Perioperative safety of Hydrosoft coils
Department of Neurosurgery, University of Florida, Gainesville, FL 32610, USA. Journal of Neurointerventional Surgery
(Impact Factor: 2.77).
10/2011; 4(5):375-8. DOI: 10.1136/neurintsurg-2011-010106
Hydrosoft coils were developed to serve as finishing coils to prevent aneurysmal recurrence at the neck. Initial animal studies were encouraging since some studies showed endothelial healing across the neck without recurrence over time. However, theoretical concerns exist regarding the potential threat to parent vessels as the Hydrosoft coils at the neck expand, as well as whether such coils can be adequately supple to safely serve as a true finishing coil. A retrospective review of the initial clinical experience utilizing Hydrosoft coils from three high-volume centers was performed.
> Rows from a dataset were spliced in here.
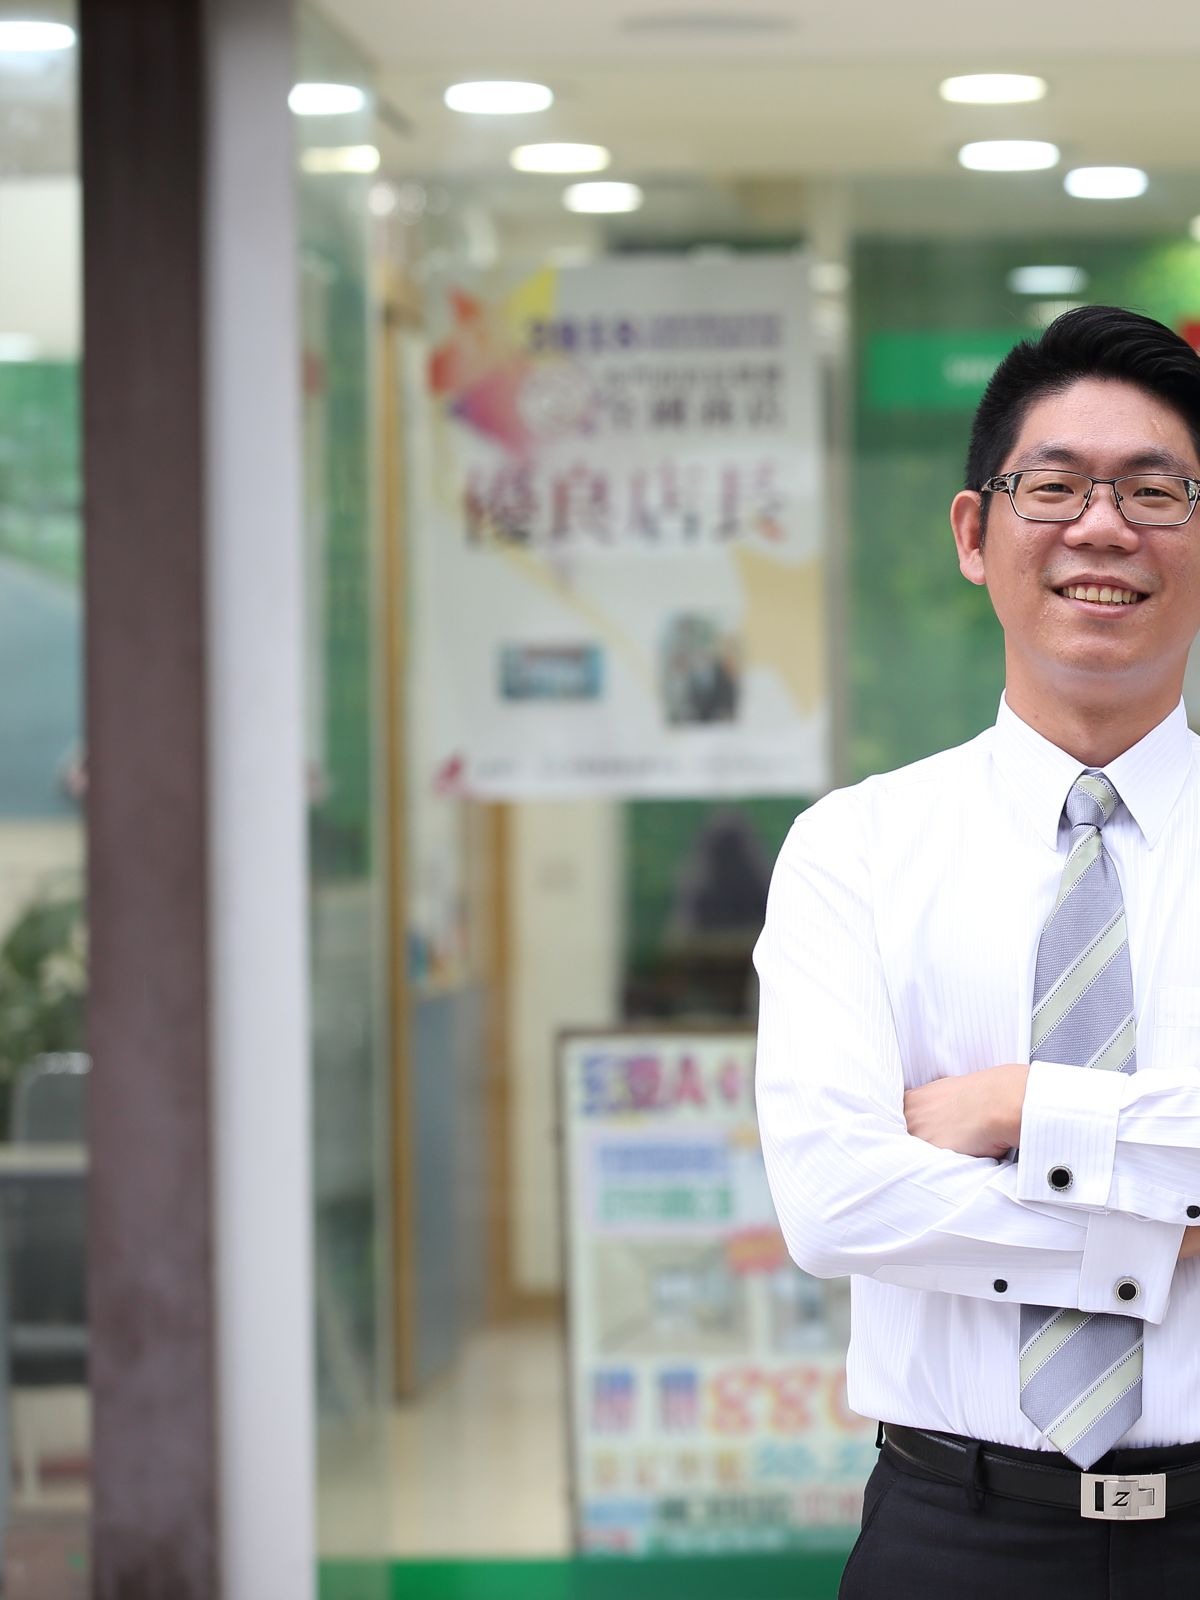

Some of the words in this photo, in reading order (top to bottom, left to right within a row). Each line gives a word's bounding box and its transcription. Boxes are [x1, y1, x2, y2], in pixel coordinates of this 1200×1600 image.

[463, 456, 787, 550] 優良店長
[1112, 1491, 1130, 1507] Z
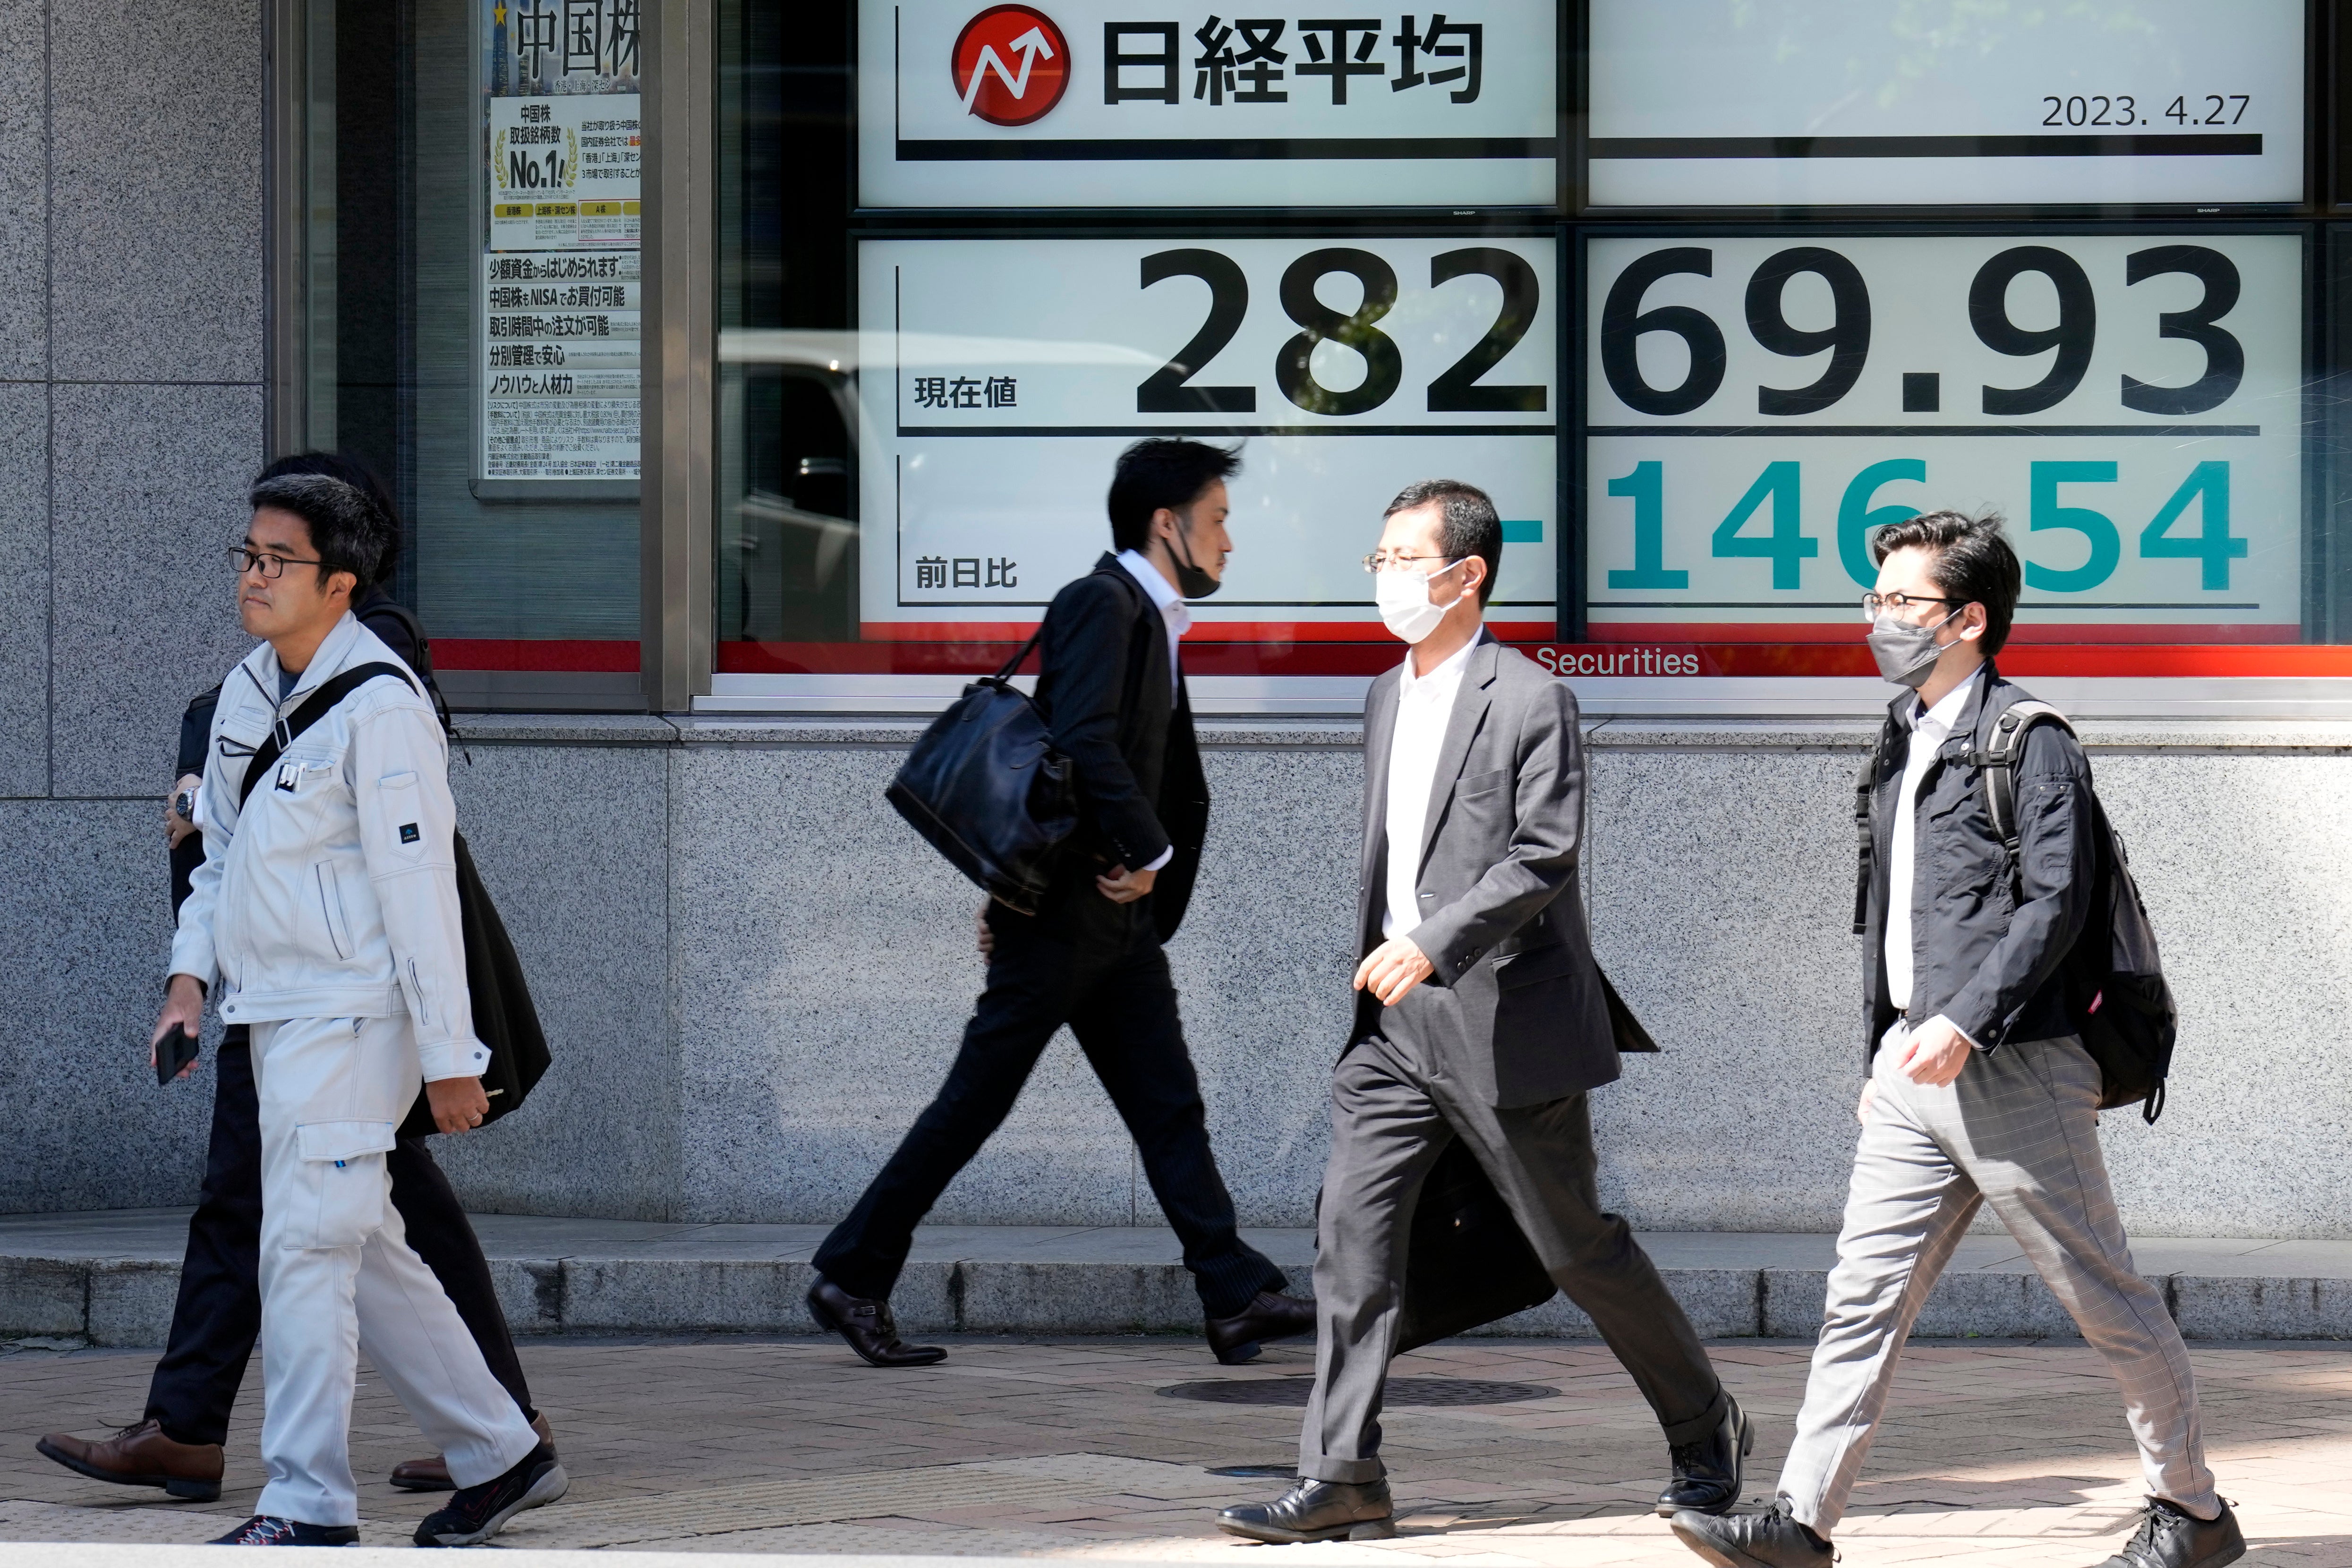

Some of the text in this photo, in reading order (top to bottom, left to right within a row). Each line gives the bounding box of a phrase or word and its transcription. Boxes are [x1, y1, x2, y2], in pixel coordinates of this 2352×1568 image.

[518, 0, 640, 78] 中国株
[1104, 14, 1483, 106] 日経平均
[521, 104, 551, 123] 中国株
[510, 126, 561, 145] 取扱銘柄数
[511, 150, 565, 188] No.1!
[489, 256, 619, 280] 少額資金からはじめられます
[490, 315, 610, 337] 取引時間中の注文が可能
[490, 344, 565, 366] 分別管理で安心
[490, 373, 573, 395] ノウハウと人材力
[914, 375, 1017, 409] 現在値
[915, 555, 1018, 589] 前日比
[1537, 648, 1699, 674] Securities
Each center was asked to report angiographic (aneurysmal location, aneurysmal maximal size, neck size, incidence of intraprocedural parent vessel thrombosis, coil herniation, aneurysmal rupture as well as Raymond scale and percent occlusion after coiling) and clinical (rupture status, Hunt and Hess grade, incidence of stroke, hemorrhage, vasospasm and hydrocephalus) data on consecutive patients who underwent placement of Hydrosoft coils.
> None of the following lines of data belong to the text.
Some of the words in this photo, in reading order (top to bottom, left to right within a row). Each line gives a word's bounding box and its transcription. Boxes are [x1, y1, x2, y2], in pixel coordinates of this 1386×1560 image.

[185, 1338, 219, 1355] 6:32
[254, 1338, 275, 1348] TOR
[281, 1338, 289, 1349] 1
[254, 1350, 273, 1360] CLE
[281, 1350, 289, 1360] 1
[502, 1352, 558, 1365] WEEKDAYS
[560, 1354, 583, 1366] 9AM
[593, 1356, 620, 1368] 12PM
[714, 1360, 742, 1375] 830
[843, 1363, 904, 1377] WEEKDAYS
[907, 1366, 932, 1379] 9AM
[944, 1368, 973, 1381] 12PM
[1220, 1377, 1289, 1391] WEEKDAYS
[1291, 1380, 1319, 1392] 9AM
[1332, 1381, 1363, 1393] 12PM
A total of 141 patients were enrolled. Embolization achieved a Raymond scale score of I (complete obliteration) in 79 aneurysms (56%), II (residual neck) in 40 aneurysms (28%) and III (residual dome) in 21 aneurysms (15%); in one case the Hydrosoft coil could not be placed. Procedural morbidity and mortality were 2.1% and 1.4%, respectively. No complications were definitively attributed to the use of Hydrosoft coils. There were three cases (2.1%) of parent vessel thrombosis, two of which resolved after intraprocedural administration of thrombolytic agents and did not lead to neurological sequelae. The incidences of intraprocedural or periprocedural aneurysmal rupture (2.1%), cerebral hemorrhage (3.5%), stroke (4.9%), vasospasm (26.2%) or hydrocephalus (31.1%) were comparable to contemporary literature.
The use of Hydrosoft coils appears to be safe and does not lead to higher complication rates than are currently accepted in the literature. Further prospective studies are required to determine whether the use of Hydrosoft coils results in a lower incidence of aneurysmal recurrence.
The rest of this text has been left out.